If you have a NACA0010 foil that sticks out 4" and is 1" long angled at 5 degrees to the line of travel it will have a Cl of 0.38 and a Cd of 0.033 at Re# of 20,000.

To determine the rotating force you apply the Cl to the 4 square inches. To determine the resistance to motion you apply the Cd to the same 4 square inches. Nothing to do with frontal area in this calculation.

Rick W

 

Rick

Thanks for clarifying this.

Also, will the Cl and Cd remain same if I change the dimensions of the fin, keeping the aspect ratio same?

Daniel

 

Rick,

Also, can I please get the link to the source from where you got this NACA0010 data. I have been searching the internet like crazy but havent got anything so far.

Thank you

Daniel

 

Google JavaFoil and run the Applet. Select foil to NACA 4 series with 10% thickness. You need to set the option page for water and an aspect of 4. Then plot the polar curves.

The Re# for 0.6m/s on a 1" foil is about 20,000.

There are data bases with measured data but they will be for a foil with infinite length. You then have to apply the induced drag which is a bit complicated. JavaFoil will do this for you.

Rick W.

 

Rick

What settings did you exactly use for JAVAfoil? Because, I'm getting the value of Cl = 0.31 and Cd = 0.58.


The settings I'm using are:
Kinematic Viscosity = 10e-006 sq-m/sec
Velocity_sound = 1492 m/s
Mach = 0.58/1492
AR = 4

And on the POLAR tab,

TU = TL = 100 %


Daniel

 

And the stall model: CalcFoil
And Transition model : Eppler

 

Rick,

And also if I change the dimensions of the Aerofoil to

Span = 8 cm
Chord = 2 cm

How will the Reynolds number change?
Can you tell me how to calculate it depending on different dimensions?

 

Daniel
Your value of Cd is missing a decimal point. Otherewise I agree with the result. The figure given early was in fact for Re# of 40,000. I pressed the wrong tab.

Re# is a function of viscosity, density, velocity and the length in the direction of flow. So for 2cm it will be smaller. Also I did not actually calculate the 20,000 I just guessed that value as being in the ballpark. You can get the formula from many sites.

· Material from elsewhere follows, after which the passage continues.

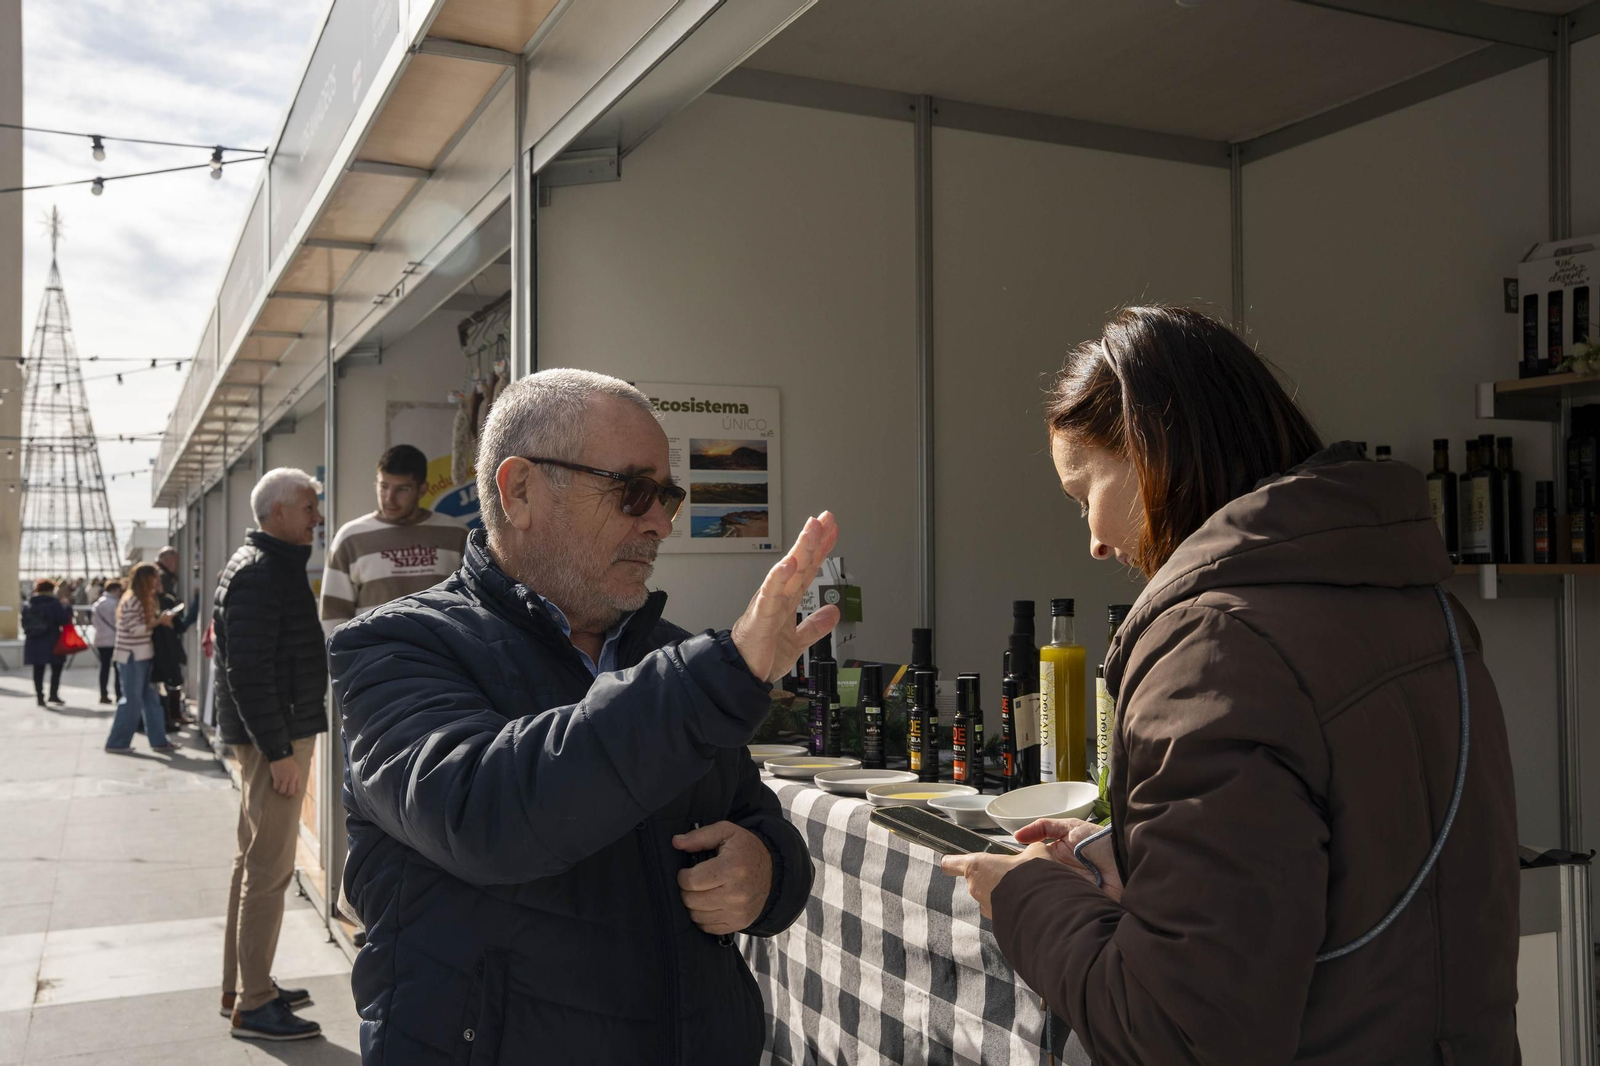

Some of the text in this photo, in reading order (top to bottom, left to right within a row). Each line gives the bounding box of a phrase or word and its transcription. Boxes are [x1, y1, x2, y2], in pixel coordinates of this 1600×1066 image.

[650, 397, 749, 415] Ecosistema
[722, 416, 768, 431] ÚNICO
[1100, 712, 1108, 769] DORADA

You will note that the L/D ratio deteriorates as the Re# reduces.

JavaFoil allows you to play with values of Re#, aspect ratio and angle of attack to see what gives the best result. You can also try different foils. The best will be one with camber in your case. So try about 4% camber and see how that goes.

Also note that you might need a different shape if the craft travels in both directions.

The other things you asked about regarding JavaFoil do not matter much for the operating conditions you have.

Rick W.

 

Thank you Rick.

 

Dear Rick,

I am using this formula to calculate the Reynolds number. Is this correct?

Rey. Num. = density*velocity*chord length/abs. viscosity

Daniel